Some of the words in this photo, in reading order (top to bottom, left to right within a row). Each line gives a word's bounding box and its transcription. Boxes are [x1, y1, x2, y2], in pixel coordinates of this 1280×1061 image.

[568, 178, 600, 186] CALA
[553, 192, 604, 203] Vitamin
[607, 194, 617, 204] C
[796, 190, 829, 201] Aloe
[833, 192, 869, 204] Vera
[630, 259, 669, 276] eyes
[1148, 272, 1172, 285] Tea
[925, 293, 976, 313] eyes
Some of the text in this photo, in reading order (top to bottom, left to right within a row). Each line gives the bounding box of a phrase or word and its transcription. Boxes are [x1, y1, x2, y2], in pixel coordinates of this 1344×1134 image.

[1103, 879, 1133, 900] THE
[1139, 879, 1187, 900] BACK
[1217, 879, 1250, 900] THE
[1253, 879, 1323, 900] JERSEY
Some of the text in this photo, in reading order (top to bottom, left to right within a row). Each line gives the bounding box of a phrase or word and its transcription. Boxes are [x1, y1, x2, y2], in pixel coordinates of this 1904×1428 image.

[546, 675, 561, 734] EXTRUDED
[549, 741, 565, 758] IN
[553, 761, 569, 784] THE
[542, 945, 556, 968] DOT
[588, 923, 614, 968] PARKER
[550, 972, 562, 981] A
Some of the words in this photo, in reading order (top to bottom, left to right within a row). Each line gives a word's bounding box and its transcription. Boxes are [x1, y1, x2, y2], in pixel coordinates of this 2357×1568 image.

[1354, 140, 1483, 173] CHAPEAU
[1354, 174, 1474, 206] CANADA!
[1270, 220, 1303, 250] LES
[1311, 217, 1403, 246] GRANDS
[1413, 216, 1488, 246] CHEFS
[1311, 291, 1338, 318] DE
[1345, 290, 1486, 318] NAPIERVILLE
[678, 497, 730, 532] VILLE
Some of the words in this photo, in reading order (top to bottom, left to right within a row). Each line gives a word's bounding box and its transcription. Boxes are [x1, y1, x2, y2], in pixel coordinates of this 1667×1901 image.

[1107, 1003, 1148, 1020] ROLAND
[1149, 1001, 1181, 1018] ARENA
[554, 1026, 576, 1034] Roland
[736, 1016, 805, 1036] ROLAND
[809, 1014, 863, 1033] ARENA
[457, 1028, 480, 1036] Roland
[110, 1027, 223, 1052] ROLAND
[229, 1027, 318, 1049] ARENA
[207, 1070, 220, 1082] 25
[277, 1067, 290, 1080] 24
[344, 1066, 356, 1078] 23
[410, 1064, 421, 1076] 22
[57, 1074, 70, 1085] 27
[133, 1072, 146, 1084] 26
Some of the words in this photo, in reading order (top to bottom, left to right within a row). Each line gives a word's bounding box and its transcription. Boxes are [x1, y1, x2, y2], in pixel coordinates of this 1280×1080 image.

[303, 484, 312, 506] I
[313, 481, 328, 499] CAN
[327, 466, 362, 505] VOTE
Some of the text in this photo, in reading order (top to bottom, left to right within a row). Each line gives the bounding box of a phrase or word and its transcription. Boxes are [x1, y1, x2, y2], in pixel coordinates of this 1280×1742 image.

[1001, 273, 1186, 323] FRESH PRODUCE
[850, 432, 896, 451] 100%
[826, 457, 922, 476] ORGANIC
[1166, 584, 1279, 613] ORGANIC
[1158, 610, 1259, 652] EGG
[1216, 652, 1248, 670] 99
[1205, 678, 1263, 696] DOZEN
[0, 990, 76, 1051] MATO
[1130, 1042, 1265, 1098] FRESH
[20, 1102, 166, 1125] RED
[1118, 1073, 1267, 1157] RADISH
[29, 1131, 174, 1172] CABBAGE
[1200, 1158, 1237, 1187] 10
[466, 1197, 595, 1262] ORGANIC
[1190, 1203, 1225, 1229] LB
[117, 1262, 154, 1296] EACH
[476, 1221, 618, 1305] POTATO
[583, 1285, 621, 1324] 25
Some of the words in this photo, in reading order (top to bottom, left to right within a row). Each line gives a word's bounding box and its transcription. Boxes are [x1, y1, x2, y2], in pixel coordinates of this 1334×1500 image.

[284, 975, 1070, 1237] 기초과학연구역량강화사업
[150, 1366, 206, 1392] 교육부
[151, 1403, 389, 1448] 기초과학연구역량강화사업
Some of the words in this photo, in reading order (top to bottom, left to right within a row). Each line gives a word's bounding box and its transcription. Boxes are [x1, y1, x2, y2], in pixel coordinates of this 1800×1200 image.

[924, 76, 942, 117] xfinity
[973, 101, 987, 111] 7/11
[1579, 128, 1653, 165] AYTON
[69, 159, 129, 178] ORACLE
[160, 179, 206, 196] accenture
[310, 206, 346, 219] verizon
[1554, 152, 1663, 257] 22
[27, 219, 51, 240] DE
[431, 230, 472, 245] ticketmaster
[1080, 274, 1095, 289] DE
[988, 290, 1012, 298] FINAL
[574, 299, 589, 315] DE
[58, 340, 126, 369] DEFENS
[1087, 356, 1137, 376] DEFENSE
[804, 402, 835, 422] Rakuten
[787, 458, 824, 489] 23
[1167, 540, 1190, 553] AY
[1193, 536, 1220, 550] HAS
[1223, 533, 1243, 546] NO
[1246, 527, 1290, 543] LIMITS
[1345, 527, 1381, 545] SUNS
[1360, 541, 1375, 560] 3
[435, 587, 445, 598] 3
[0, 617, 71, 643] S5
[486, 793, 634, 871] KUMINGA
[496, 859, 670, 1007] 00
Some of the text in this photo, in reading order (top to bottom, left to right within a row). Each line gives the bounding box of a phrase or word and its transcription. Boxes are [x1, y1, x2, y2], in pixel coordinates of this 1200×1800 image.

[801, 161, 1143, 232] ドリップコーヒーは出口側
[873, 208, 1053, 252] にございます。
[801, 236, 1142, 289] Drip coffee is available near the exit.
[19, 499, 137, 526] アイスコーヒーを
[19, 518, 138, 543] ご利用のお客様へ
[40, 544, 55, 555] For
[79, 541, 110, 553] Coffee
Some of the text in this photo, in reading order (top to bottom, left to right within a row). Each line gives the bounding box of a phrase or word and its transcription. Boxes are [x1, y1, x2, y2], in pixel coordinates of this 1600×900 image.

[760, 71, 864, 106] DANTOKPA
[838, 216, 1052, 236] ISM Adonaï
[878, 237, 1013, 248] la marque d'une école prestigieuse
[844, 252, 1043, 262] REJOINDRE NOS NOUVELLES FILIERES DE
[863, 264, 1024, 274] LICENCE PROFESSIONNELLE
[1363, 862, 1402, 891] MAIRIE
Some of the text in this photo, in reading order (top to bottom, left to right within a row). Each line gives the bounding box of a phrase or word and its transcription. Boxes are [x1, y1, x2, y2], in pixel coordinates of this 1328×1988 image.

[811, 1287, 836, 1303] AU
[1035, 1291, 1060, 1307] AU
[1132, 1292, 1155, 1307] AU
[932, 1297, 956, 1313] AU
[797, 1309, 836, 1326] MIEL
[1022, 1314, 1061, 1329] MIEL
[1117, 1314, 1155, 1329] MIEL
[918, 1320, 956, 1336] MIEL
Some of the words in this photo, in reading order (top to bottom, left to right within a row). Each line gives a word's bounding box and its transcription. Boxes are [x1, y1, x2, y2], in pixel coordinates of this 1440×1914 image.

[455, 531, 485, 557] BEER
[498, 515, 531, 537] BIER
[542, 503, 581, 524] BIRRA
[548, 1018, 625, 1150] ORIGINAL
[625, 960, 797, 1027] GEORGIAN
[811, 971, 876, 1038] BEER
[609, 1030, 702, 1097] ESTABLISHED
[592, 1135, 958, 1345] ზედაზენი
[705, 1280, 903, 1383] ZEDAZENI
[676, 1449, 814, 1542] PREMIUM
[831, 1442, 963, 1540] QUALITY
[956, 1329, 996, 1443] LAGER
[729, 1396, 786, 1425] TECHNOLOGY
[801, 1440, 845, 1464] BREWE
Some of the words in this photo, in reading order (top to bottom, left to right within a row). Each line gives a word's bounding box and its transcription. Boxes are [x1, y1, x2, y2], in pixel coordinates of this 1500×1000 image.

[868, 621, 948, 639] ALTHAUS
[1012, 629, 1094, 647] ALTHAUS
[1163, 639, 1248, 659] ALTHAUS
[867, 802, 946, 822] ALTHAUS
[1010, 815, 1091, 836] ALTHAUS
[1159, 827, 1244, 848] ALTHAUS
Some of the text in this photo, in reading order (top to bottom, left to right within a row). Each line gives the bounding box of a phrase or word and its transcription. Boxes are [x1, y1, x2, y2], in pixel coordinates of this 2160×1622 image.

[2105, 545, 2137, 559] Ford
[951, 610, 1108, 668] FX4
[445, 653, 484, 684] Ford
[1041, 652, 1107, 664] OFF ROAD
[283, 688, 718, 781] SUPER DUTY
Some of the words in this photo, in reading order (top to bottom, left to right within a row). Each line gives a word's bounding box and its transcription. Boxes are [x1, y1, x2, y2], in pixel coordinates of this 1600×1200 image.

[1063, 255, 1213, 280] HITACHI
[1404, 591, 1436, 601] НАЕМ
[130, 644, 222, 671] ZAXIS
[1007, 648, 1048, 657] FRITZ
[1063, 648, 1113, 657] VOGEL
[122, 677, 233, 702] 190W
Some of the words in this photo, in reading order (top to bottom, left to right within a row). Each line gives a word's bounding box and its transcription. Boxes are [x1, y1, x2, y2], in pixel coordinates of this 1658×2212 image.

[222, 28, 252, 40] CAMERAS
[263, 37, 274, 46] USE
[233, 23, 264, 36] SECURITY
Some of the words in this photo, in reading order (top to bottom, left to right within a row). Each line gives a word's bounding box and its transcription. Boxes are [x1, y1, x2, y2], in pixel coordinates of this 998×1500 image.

══════════════════════════════

* **Task instructions**
All lines from the one with "this 1658×2212 image." to the end of the material above should be copied exactly, both ends included, and nothing else.

* **Task output**
Some of the words in this photo, in reading order (top to bottom, left to right within a row). Each line gives a word's bounding box and its transcription. Boxes are [x1, y1, x2, y2], in pixel coordinates of this 1658×2212 image.

[222, 28, 252, 40] CAMERAS
[263, 37, 274, 46] USE
[233, 23, 264, 36] SECURITY
Some of the words in this photo, in reading order (top to bottom, left to right within a row). Each line gives a word's bounding box and its transcription. Boxes are [x1, y1, x2, y2], in pixel coordinates of this 998×1500 image.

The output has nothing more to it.